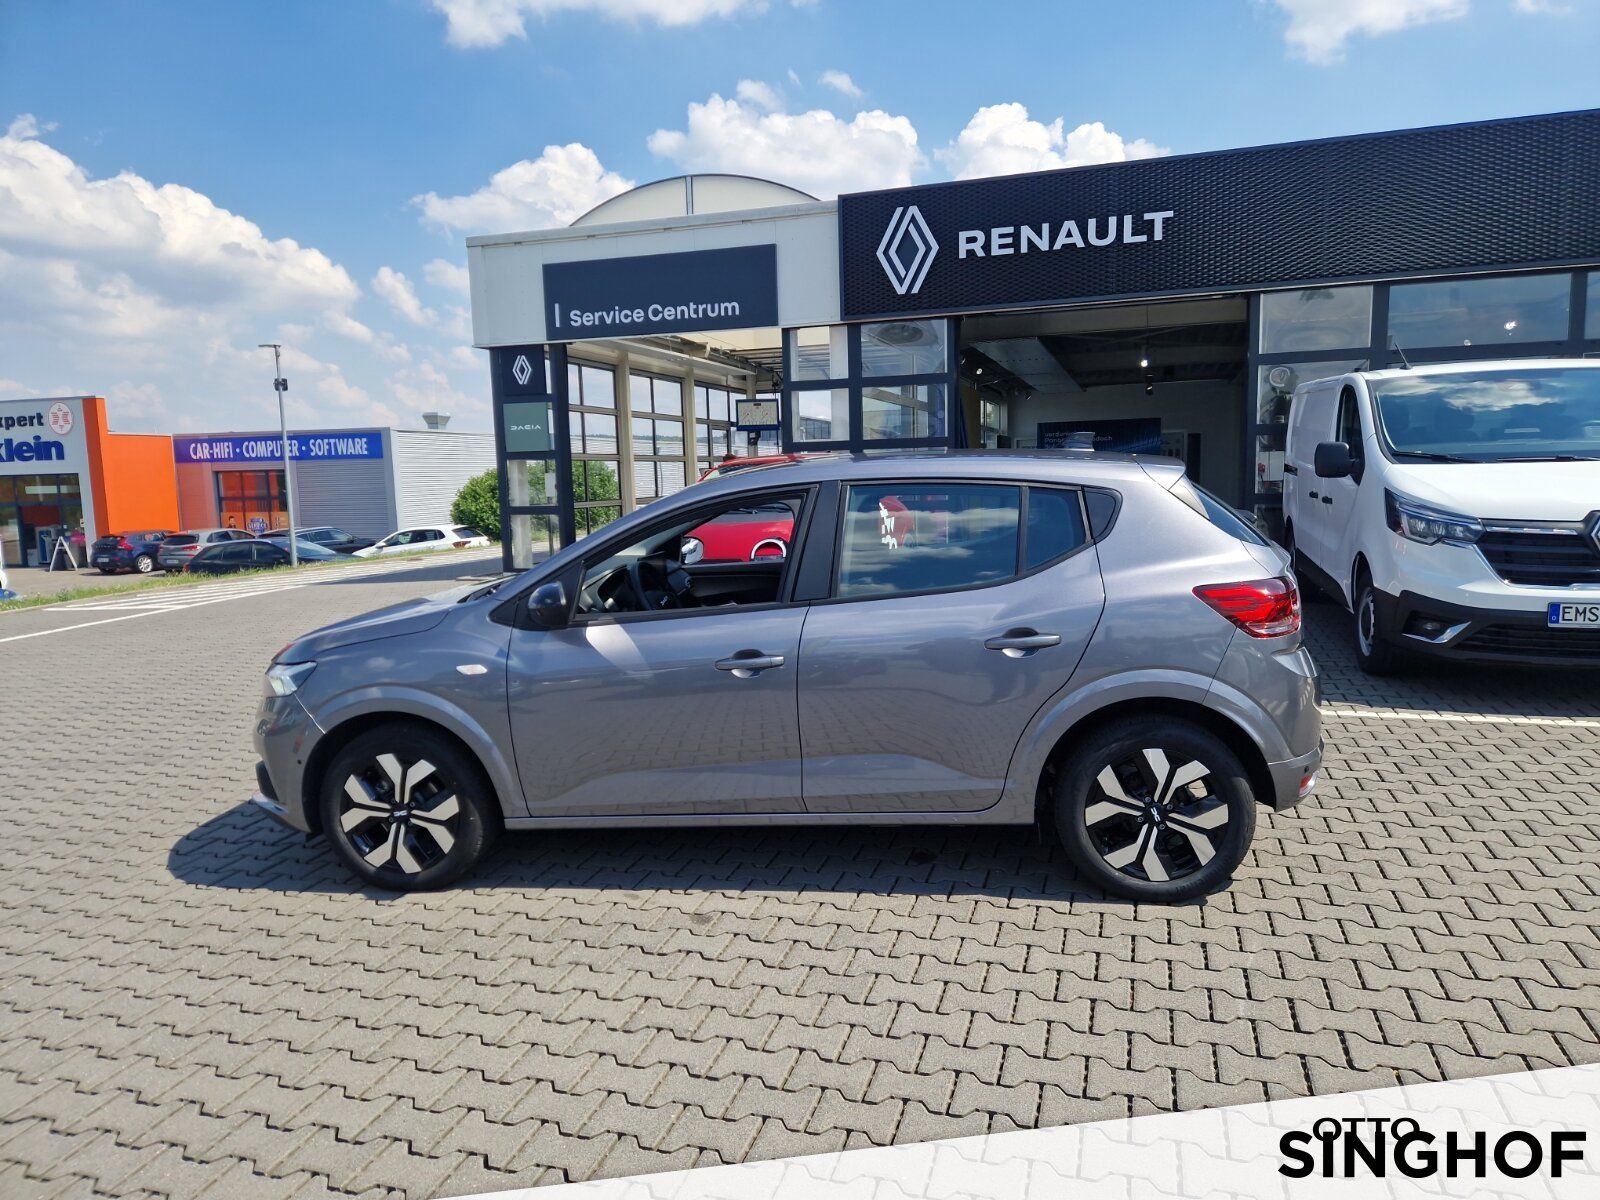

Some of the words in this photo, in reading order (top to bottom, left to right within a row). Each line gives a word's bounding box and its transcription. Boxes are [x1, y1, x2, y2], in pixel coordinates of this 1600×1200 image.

[958, 210, 1174, 260] RENAULT
[569, 305, 645, 328] Service
[648, 301, 740, 322] Centrum
[189, 441, 234, 460] CAR-HIFI
[309, 437, 368, 456] SOFTWARE
[1562, 606, 1599, 622] EMS
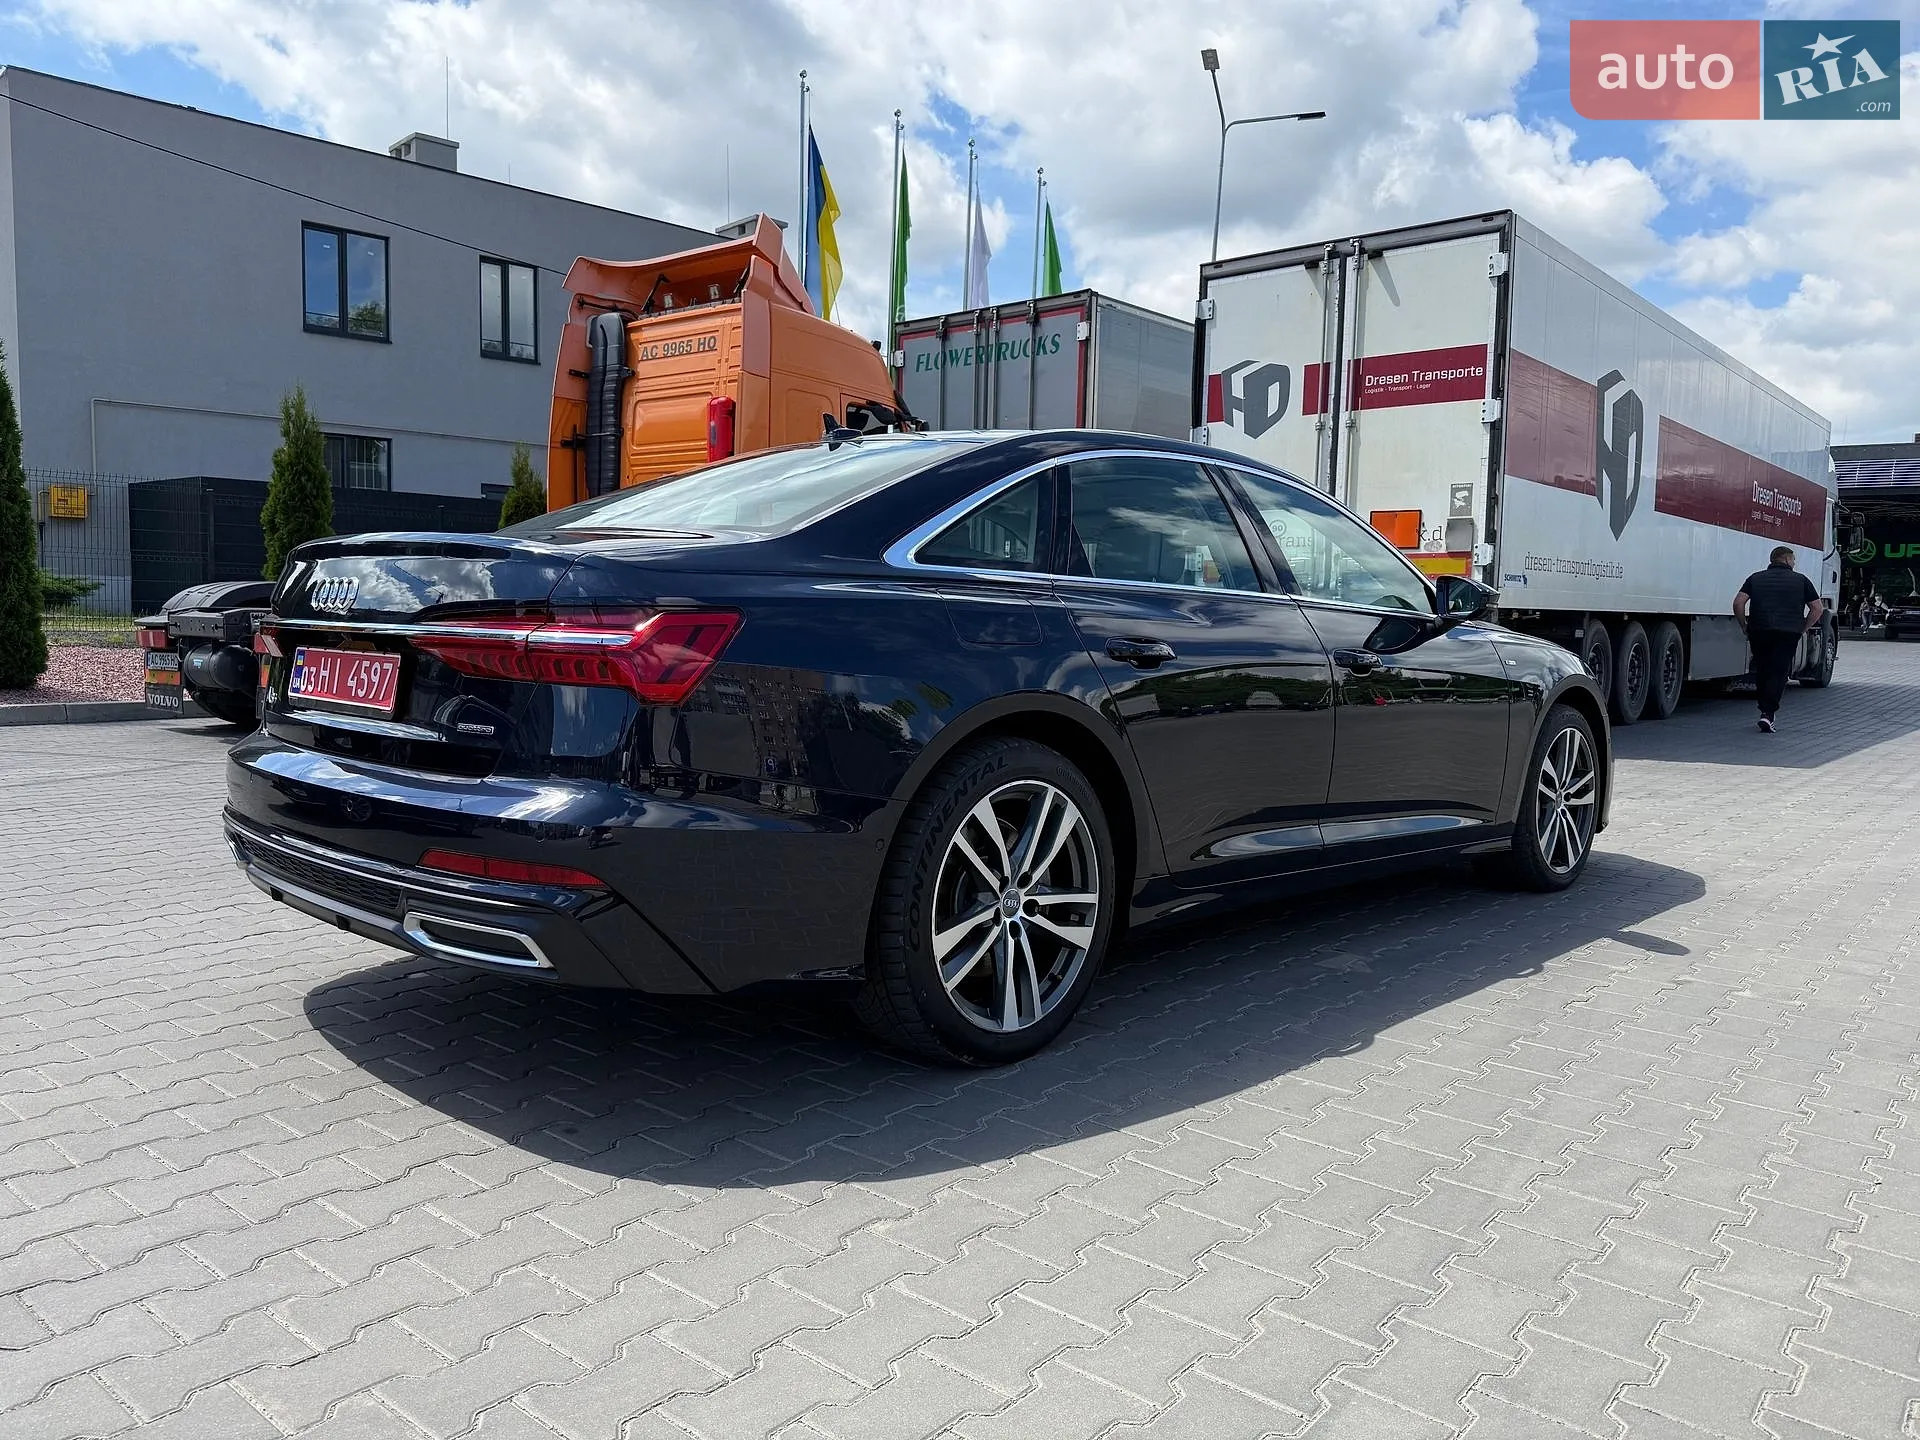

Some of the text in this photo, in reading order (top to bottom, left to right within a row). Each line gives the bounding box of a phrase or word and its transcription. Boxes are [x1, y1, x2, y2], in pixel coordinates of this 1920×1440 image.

[641, 345, 659, 360] AC
[662, 339, 693, 357] 9965
[1365, 365, 1484, 387] Dresen Transporte
[1388, 384, 1412, 392] Transport
[1416, 382, 1432, 390] Lager
[1752, 480, 1802, 517] Dresen Transporte
[1524, 551, 1624, 580] dresen-transportlogistik.de
[346, 660, 394, 701] 4597
[147, 693, 179, 708] VOLVO
[907, 755, 1010, 952] CONTINENTAL

▶ [Assigned task]:
Nothing but the lines from the one containing "Some of the text" through the last line of the data above should be set down, word for word.

▶ [Completed task]:
Some of the text in this photo, in reading order (top to bottom, left to right within a row). Each line gives the bounding box of a phrase or word and its transcription. Boxes are [x1, y1, x2, y2], in pixel coordinates of this 1920×1440 image.

[641, 345, 659, 360] AC
[662, 339, 693, 357] 9965
[1365, 365, 1484, 387] Dresen Transporte
[1388, 384, 1412, 392] Transport
[1416, 382, 1432, 390] Lager
[1752, 480, 1802, 517] Dresen Transporte
[1524, 551, 1624, 580] dresen-transportlogistik.de
[346, 660, 394, 701] 4597
[147, 693, 179, 708] VOLVO
[907, 755, 1010, 952] CONTINENTAL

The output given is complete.